I gotta have my orange juice.

Jesu, Juva

Metábasis eis állo génos

with 4 comments

I mentioned previously Toby Sumpter’s phrase “cheerfully difficult.” This is another way of saying “happy warrior.” Crucially, the happy warrior is characterized by joy and laughter; he is not anxious.

Speaking of Toby, I reread Lewis’s space trilogy earlier this year. It occurs suddenly to me that the vision of dominion–maturity set for Tor and Tinidril and their generations is the exact picture of what Sumpter sees laid out for us in God’s wrestling with Job. I commend this reading of Job to you, as well as the Girardian reading.

Duane Garner reflects on the key differences between God’s law and the laws of tyrants. God’s law is limited and actually establishes freedom and agency. God is in the business of multiplying agency and authority and dominion. Godly leaders follow this pattern (this is the mission of parenting in a nutshell), while tyrants are in the business of limiting and collecting authority.

I’m sure you don’t need my encouragement to read Doug Wilson’s or Mark Horne’s latest.

May all our sons follow in the footsteps of this manly lad. I dare you to read it without getting a little misty eyed.

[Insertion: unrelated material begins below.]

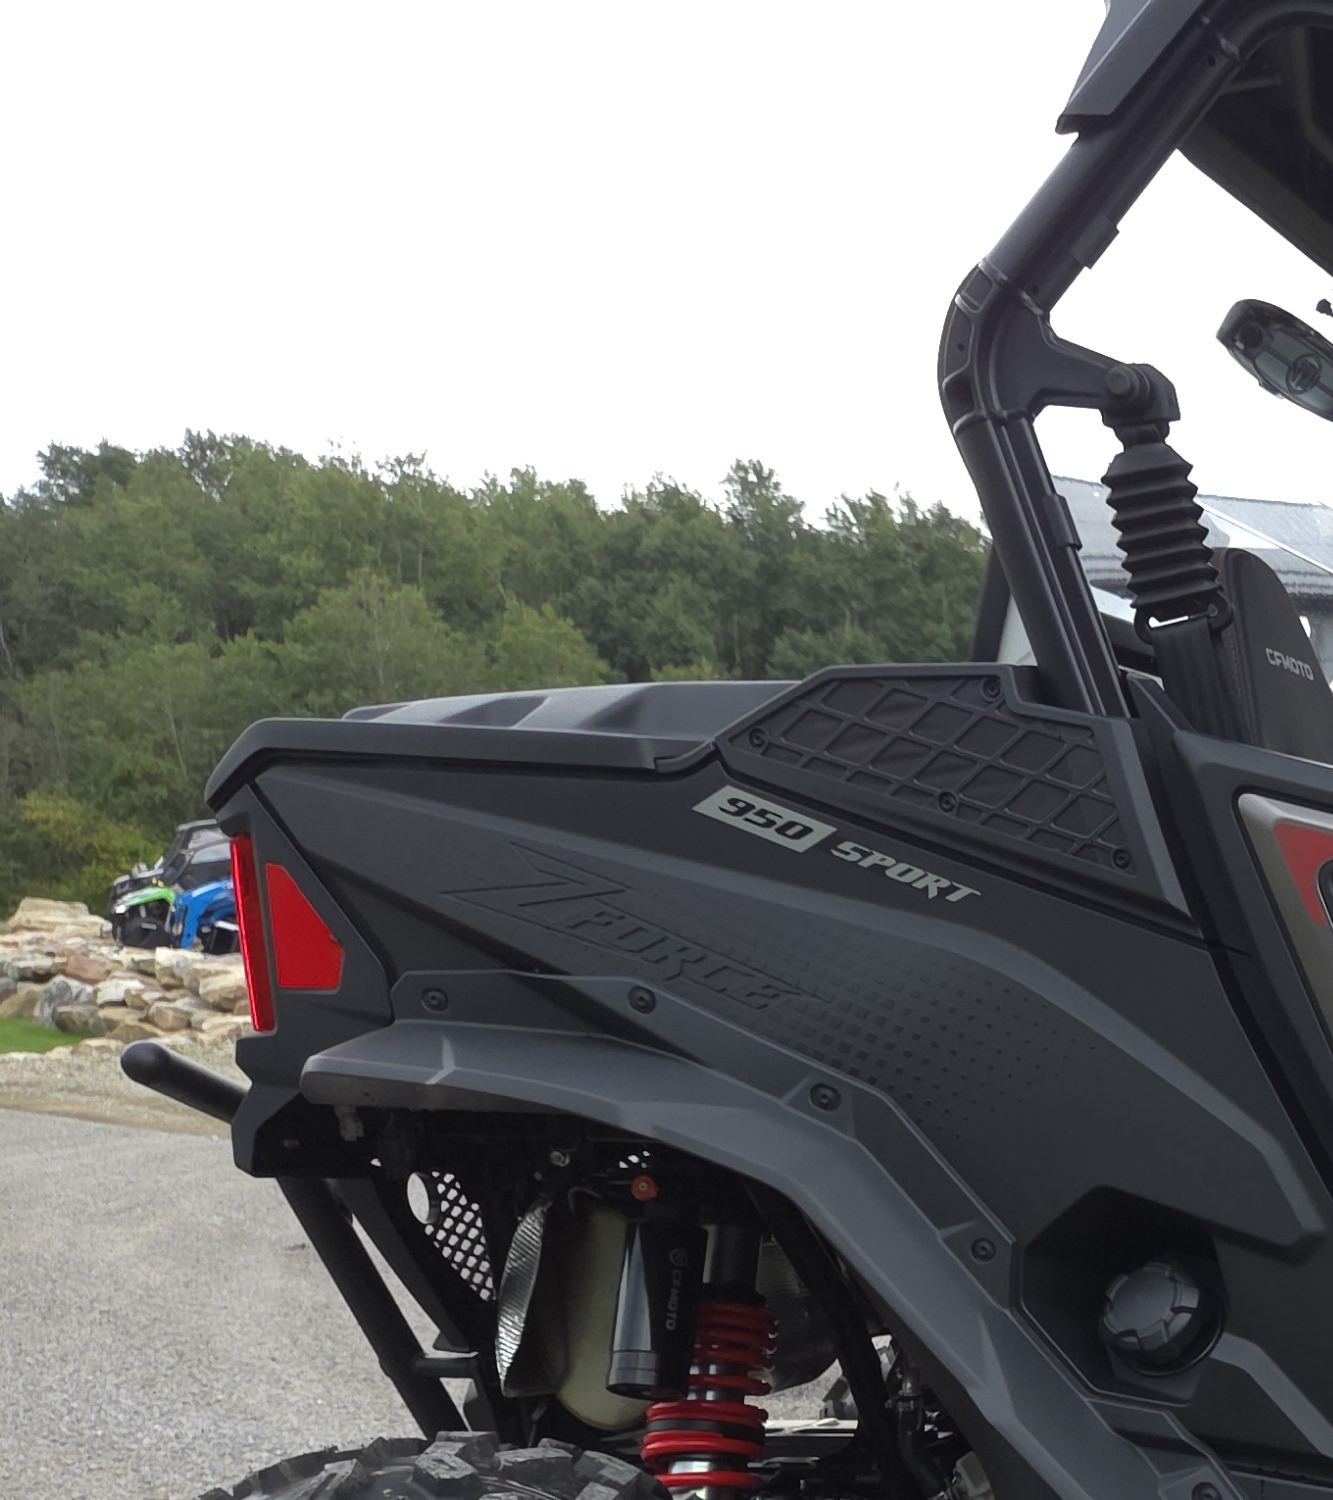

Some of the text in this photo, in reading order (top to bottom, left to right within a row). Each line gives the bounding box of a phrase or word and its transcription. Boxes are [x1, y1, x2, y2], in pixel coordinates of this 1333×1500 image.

We took a trip to Pennsylvania and New York recently. It was fascinating to compare them with Wake County. From afar, we have only been aware of how draconian Pennsylvania and New York have been with their ‘rona restrictions, including the requirement for us to quarantine for two weeks upon arrival. But our observations on the ground were that compliance with these restrictions was far less than we see here in North Carolina’s capital county. To me this seems to correlate (hear me carefully) with red–county–blue–state and blue–county–red–state. Or, levels of affluence and their corresponding priorities and affordances. Not coincidentally, on our visit I learned of the widespread sanctuary county movement.

Also, the Pennsylvania firefly experience beats the North Carolina experience, hands down. We all know that our childhood houses are bigger in memory than in reality, but in this case childhood memories proved completely factual.

I’ve only caught snippets of Tucker the last couple months, and have been intrigued, so I watched an extended speech from last year. Very impressed; you should watch it too.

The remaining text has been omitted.